College football recruiting is a game of chance

by Michael Baldwin Modified: July 31, 2011 at 10:33 pm •  Published: July 31, 2011

Players haven't reported for fall camp for this season, and the Sooners already have more than half of their 2012 class lined up.

In what is projected to be a class of 22 players, a dozen recruits have orally committed to OU.

"We're not trying to fill up," said coach Bob Stoops. "We don't push for it. If a guy we've really studied, a guy we really like, wants to come, we'll take him."

Recruiting is vastly different than it was 10 or 20 years ago.

The new trend removes most of the drama on national signing day. The first Wednesday in February is the equivalent of national political conventions. Results are known before they're announced.

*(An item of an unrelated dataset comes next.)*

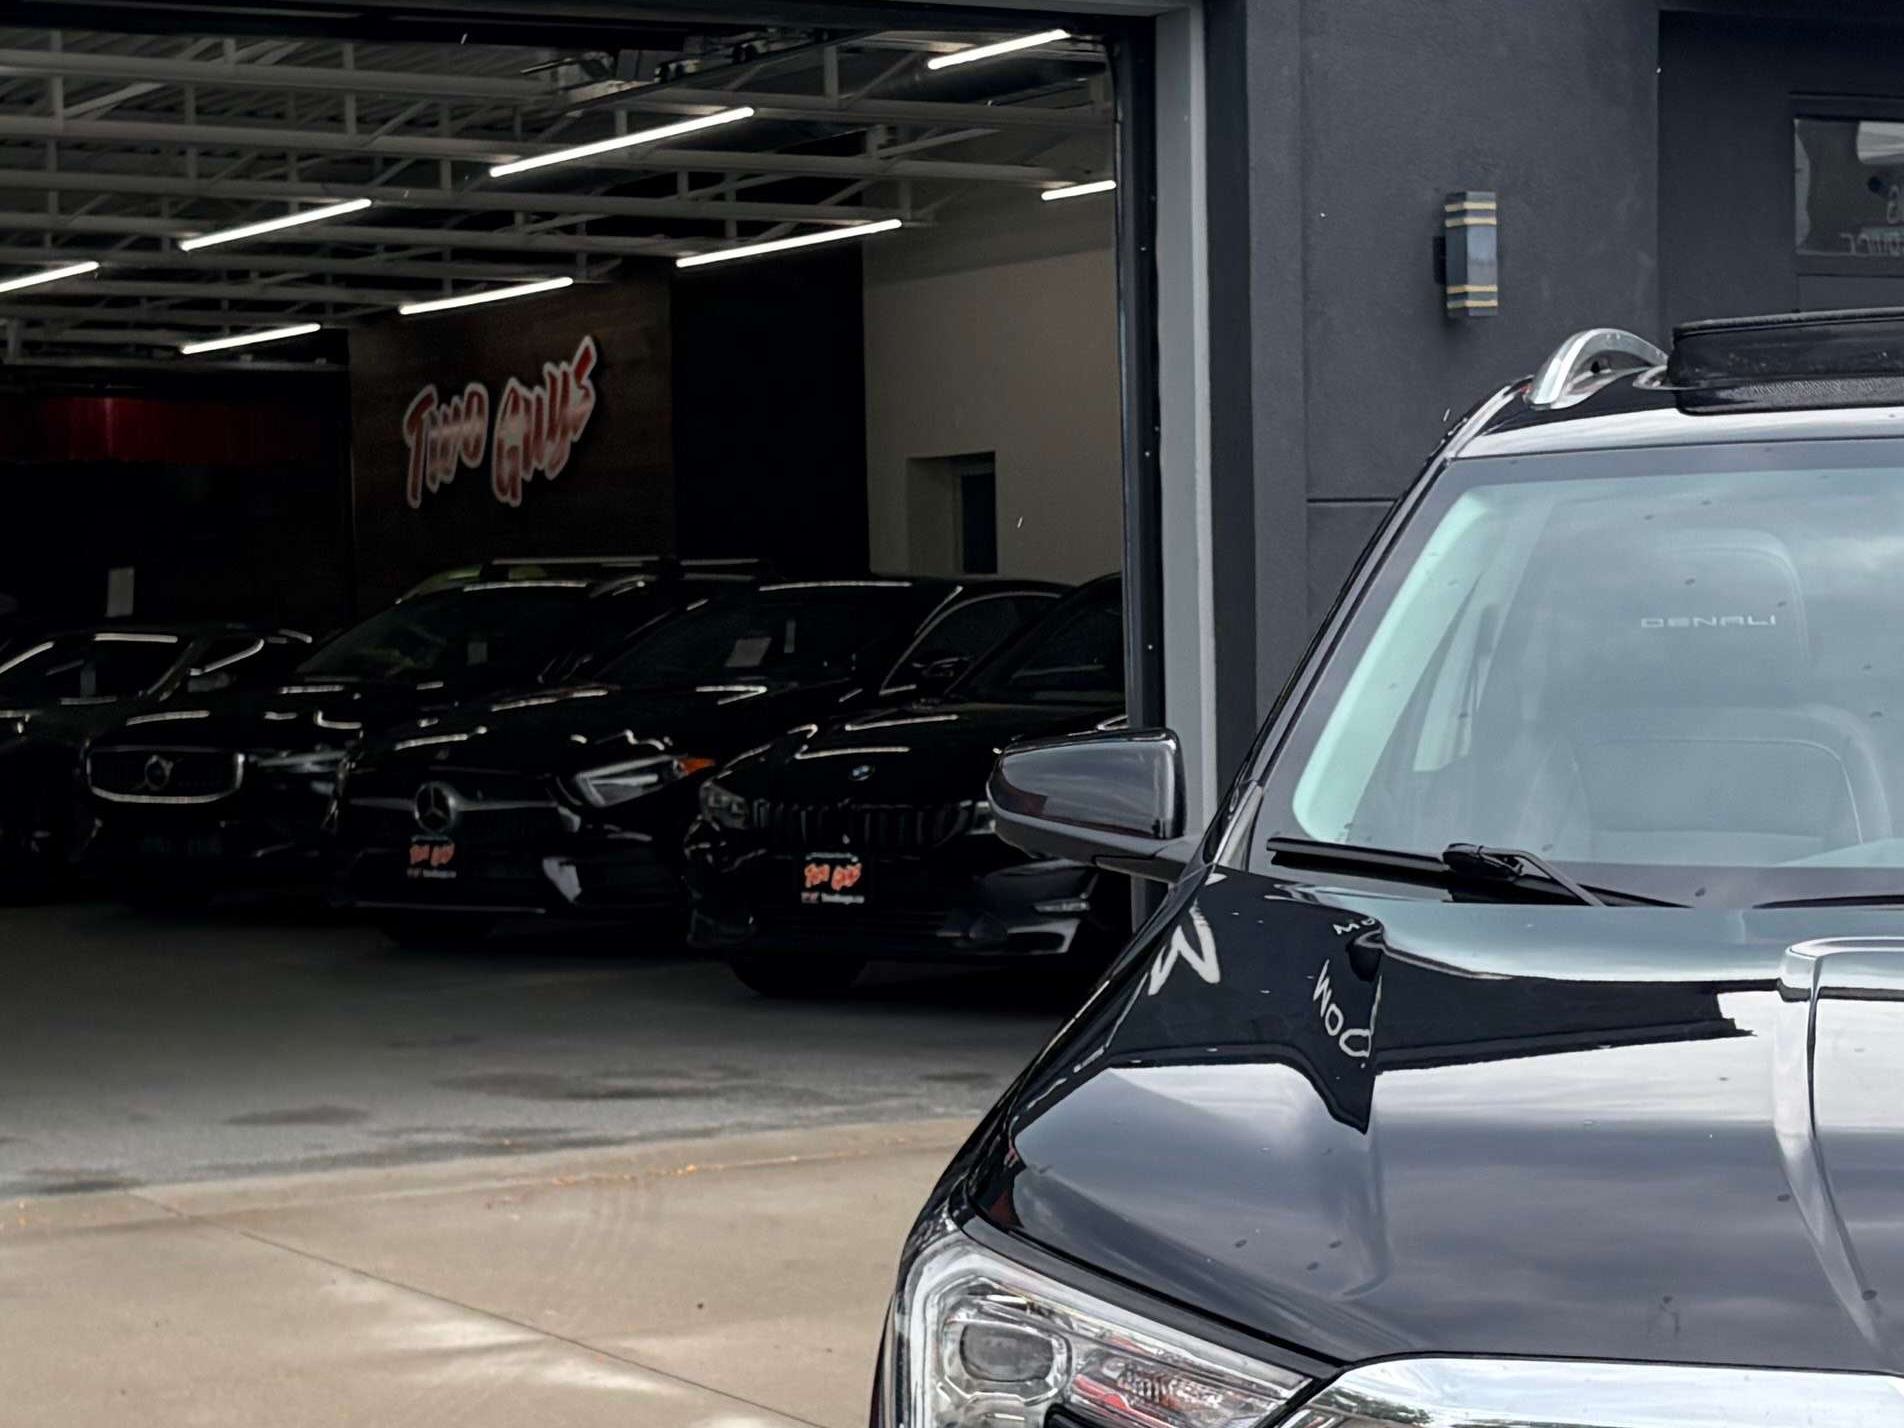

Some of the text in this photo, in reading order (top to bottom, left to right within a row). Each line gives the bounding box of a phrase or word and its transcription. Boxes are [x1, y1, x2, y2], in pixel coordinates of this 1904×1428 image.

[402, 334, 597, 508] Two Guys
[1641, 613, 1777, 628] DENALI
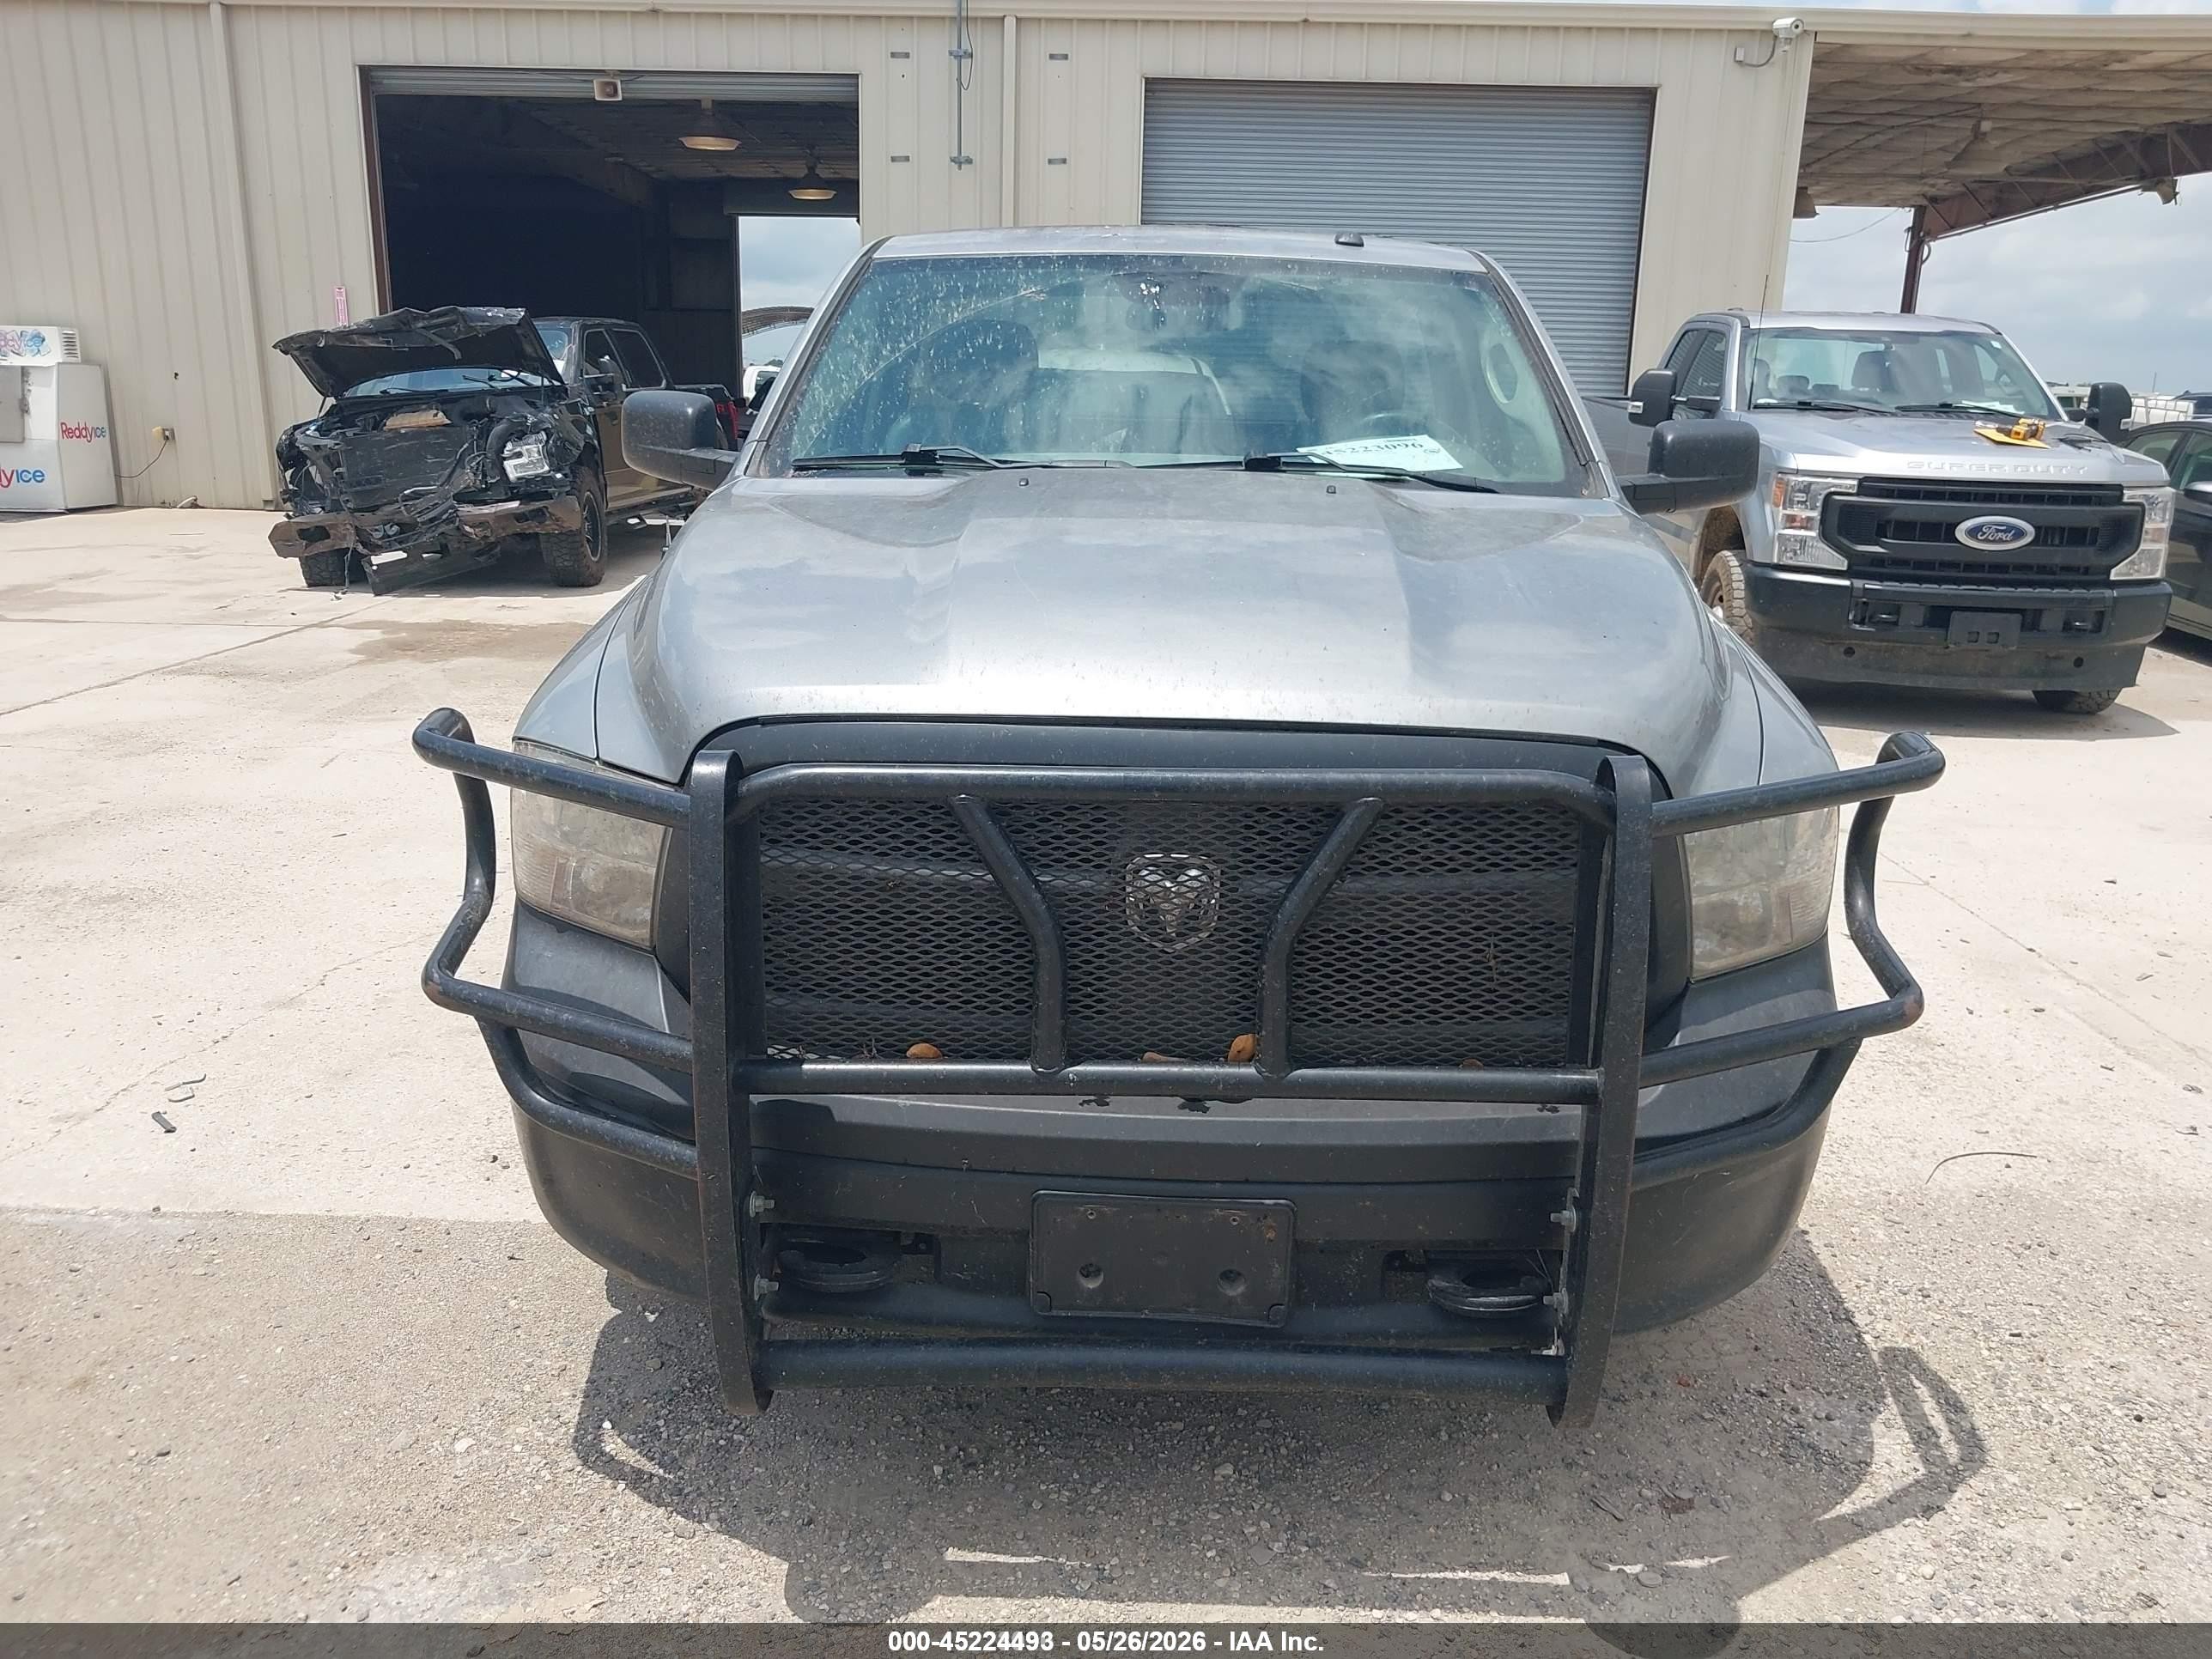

The one benefit for high school kids is if they orally commit in May, June or July, then they can concentrate on their upcoming senior season and academics.

But because of the new landscape, high school players often feel pressure to commit early. It's risky to slow-play two or three schools.

"They're realizing, 'I don't have the luxury of waiting until the fall. That may be the place I know I want to go, but it sure would be fun to take those three (recruiting) trips,'" Stoops said. "Then all of a sudden in the fall, we don't have that spot anymore."

An example: In a particular year, the Sooners might have only two slots earmarked for cornerbacks with five prospects on their list.

"I'm never high pressure. That's not my style," Stoops said. "But I've got five offers and only two spots. I'll communicate with you. If one gets taken and now there's one left...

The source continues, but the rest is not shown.